▸ **ABOUT THIS EXERCISE**
Starting at the line that contains "this 1659×2212 image.", repeat each line exactly until the records end, keeping both the first and the last.

▸ **TASK MATERIAL**
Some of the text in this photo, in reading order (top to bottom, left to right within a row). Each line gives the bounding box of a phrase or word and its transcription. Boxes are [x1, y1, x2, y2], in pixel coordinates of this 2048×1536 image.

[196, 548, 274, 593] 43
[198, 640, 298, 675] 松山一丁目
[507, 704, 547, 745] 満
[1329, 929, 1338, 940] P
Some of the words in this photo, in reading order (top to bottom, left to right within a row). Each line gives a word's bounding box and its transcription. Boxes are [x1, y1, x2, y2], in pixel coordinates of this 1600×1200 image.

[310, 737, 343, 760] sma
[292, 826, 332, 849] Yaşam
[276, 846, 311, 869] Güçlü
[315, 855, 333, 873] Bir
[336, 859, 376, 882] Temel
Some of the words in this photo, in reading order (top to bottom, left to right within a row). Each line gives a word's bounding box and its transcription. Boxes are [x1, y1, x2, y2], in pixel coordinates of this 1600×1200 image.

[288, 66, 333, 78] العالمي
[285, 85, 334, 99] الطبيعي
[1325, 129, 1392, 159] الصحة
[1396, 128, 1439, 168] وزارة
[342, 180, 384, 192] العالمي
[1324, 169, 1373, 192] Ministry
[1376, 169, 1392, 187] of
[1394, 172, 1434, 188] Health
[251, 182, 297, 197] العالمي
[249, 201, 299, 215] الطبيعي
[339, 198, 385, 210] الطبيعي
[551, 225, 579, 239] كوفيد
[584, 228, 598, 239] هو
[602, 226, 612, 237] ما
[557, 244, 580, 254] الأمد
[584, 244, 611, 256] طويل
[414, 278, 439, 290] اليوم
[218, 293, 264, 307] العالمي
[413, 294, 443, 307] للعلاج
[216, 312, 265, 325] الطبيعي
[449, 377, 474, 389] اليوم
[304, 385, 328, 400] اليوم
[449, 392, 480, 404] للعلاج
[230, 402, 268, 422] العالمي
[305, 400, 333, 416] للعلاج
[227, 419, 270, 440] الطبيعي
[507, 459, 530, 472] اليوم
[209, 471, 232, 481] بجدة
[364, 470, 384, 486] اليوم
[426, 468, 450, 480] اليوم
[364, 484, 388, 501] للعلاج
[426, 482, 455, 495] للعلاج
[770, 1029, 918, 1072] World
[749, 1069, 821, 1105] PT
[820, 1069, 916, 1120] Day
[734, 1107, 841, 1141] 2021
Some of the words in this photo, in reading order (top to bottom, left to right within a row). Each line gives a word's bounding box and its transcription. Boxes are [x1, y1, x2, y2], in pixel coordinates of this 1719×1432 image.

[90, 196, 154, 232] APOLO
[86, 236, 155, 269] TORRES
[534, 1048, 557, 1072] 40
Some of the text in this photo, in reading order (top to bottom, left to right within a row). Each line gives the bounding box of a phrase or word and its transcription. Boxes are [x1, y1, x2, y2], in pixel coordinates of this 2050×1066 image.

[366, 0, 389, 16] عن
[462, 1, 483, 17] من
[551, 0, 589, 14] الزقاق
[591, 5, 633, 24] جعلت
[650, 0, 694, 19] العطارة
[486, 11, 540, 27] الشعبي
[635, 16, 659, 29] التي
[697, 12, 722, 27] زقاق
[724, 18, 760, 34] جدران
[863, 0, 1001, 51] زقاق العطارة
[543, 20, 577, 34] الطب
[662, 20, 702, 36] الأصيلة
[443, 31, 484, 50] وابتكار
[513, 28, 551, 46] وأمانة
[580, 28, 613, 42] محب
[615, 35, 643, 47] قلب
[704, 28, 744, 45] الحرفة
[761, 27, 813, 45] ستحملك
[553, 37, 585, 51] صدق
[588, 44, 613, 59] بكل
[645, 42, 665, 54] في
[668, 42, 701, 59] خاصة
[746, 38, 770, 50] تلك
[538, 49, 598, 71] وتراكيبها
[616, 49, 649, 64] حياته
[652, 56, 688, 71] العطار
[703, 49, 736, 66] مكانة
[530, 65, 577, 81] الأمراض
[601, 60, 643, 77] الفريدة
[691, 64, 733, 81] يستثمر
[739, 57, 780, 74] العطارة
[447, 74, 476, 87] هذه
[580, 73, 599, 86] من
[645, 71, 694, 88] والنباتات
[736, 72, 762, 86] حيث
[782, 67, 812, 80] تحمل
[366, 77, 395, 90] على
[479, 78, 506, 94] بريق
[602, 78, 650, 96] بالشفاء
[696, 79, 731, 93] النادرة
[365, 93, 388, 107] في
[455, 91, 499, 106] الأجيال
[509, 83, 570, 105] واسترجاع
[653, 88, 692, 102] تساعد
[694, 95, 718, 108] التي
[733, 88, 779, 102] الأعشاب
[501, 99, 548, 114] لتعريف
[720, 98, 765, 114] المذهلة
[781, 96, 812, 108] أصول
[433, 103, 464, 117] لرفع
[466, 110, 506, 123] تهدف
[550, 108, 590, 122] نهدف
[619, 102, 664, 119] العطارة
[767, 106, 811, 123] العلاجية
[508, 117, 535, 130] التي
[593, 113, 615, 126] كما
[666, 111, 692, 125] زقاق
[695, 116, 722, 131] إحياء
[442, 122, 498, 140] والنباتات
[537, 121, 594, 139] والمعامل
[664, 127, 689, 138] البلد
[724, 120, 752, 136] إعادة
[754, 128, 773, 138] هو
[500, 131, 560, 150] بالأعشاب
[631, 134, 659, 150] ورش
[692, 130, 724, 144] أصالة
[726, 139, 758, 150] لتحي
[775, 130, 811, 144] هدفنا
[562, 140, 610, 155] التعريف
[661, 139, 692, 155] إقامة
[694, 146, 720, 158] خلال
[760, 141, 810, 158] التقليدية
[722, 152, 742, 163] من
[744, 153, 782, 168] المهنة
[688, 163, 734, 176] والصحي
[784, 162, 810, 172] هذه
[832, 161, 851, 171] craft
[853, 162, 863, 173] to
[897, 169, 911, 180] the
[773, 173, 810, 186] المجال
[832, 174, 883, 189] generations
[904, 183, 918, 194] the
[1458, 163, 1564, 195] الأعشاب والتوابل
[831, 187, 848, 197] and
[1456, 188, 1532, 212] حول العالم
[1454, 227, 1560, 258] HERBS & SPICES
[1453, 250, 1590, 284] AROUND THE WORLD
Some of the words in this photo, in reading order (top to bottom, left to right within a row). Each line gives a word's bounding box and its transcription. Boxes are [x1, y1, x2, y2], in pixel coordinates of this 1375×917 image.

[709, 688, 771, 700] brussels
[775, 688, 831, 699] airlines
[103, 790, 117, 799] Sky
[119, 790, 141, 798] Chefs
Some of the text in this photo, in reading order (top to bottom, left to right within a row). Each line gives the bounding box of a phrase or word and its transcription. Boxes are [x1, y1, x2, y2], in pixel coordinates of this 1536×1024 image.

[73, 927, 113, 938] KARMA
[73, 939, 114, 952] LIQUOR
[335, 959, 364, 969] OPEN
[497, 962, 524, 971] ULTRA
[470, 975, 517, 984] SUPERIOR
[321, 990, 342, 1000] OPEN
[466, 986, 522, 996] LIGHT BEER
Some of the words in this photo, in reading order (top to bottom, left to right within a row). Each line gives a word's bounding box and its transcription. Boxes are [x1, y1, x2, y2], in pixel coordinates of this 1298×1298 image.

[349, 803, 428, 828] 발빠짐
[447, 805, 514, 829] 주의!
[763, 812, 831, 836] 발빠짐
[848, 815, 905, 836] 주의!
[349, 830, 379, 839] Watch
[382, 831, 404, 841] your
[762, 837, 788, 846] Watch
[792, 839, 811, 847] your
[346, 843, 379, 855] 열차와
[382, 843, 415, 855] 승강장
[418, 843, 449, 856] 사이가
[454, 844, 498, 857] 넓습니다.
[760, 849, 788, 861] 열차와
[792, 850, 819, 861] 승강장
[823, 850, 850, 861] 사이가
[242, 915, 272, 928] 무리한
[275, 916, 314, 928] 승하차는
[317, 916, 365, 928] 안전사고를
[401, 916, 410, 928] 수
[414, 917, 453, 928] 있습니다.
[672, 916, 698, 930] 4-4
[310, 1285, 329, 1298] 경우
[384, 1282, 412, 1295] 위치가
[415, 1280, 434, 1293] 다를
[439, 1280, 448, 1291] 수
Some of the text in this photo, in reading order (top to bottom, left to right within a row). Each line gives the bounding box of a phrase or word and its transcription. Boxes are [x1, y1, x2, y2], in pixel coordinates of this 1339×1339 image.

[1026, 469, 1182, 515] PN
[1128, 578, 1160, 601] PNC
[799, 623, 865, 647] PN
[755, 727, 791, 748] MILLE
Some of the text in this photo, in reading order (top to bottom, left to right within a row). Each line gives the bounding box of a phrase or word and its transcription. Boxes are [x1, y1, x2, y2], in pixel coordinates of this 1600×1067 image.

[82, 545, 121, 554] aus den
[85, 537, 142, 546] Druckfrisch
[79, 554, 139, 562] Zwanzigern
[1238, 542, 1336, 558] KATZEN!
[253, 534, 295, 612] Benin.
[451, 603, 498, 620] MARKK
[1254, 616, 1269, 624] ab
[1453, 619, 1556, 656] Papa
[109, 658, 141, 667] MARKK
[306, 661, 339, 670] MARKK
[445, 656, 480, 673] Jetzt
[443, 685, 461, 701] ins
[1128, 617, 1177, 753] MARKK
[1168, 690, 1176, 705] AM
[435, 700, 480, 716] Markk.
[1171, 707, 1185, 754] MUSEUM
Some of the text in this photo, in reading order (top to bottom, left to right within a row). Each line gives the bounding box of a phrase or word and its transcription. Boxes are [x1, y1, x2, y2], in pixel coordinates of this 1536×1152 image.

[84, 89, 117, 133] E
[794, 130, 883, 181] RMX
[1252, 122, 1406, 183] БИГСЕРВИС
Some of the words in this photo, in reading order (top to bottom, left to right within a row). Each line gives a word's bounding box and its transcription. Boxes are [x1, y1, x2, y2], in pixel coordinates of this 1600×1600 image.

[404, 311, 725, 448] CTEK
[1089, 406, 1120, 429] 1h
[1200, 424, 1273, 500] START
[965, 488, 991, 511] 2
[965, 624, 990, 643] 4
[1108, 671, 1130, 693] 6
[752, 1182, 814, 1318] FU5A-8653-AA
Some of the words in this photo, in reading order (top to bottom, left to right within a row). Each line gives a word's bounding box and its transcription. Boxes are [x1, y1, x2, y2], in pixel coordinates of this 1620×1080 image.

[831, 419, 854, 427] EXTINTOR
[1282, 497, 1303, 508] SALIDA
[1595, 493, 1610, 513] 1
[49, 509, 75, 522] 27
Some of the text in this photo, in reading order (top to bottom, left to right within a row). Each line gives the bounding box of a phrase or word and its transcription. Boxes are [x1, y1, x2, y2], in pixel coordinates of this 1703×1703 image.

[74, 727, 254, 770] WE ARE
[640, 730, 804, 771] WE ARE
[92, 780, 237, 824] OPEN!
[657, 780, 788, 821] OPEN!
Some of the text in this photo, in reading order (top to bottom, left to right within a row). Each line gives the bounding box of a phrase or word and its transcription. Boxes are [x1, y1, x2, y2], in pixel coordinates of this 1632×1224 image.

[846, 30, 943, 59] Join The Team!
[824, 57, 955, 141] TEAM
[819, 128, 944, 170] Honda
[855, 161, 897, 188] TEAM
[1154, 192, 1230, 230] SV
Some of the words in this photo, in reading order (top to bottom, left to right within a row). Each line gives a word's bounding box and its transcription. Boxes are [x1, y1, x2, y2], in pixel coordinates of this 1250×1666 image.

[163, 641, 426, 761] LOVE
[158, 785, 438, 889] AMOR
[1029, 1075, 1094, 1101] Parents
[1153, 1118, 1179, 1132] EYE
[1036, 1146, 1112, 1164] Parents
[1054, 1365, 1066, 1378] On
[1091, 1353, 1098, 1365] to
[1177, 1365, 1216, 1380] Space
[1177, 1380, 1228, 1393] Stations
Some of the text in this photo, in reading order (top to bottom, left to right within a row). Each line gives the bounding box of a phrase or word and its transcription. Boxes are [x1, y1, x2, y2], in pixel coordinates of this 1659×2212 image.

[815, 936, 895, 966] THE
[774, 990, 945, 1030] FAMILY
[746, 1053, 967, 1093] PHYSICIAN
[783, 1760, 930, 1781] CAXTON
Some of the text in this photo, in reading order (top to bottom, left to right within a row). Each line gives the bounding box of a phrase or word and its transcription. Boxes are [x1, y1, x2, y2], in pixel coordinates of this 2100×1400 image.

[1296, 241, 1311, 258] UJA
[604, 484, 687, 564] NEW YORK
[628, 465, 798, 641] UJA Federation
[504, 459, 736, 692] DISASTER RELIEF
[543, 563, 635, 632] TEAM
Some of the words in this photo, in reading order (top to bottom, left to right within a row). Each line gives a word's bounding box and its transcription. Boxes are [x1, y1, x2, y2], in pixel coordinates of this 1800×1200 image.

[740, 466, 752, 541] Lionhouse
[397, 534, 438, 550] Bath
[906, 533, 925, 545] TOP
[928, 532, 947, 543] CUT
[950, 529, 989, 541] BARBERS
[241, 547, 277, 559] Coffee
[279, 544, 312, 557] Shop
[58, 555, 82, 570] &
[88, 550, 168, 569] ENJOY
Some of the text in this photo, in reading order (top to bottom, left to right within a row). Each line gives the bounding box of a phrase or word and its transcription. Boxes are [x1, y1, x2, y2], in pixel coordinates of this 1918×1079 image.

▸ **ANSWER BOX**
Some of the text in this photo, in reading order (top to bottom, left to right within a row). Each line gives the bounding box of a phrase or word and its transcription. Boxes are [x1, y1, x2, y2], in pixel coordinates of this 1659×2212 image.

[815, 936, 895, 966] THE
[774, 990, 945, 1030] FAMILY
[746, 1053, 967, 1093] PHYSICIAN
[783, 1760, 930, 1781] CAXTON
Some of the text in this photo, in reading order (top to bottom, left to right within a row). Each line gives the bounding box of a phrase or word and its transcription. Boxes are [x1, y1, x2, y2], in pixel coordinates of this 2100×1400 image.

[1296, 241, 1311, 258] UJA
[604, 484, 687, 564] NEW YORK
[628, 465, 798, 641] UJA Federation
[504, 459, 736, 692] DISASTER RELIEF
[543, 563, 635, 632] TEAM
Some of the words in this photo, in reading order (top to bottom, left to right within a row). Each line gives a word's bounding box and its transcription. Boxes are [x1, y1, x2, y2], in pixel coordinates of this 1800×1200 image.

[740, 466, 752, 541] Lionhouse
[397, 534, 438, 550] Bath
[906, 533, 925, 545] TOP
[928, 532, 947, 543] CUT
[950, 529, 989, 541] BARBERS
[241, 547, 277, 559] Coffee
[279, 544, 312, 557] Shop
[58, 555, 82, 570] &
[88, 550, 168, 569] ENJOY
Some of the text in this photo, in reading order (top to bottom, left to right within a row). Each line gives the bounding box of a phrase or word and its transcription. Boxes are [x1, y1, x2, y2], in pixel coordinates of this 1918×1079 image.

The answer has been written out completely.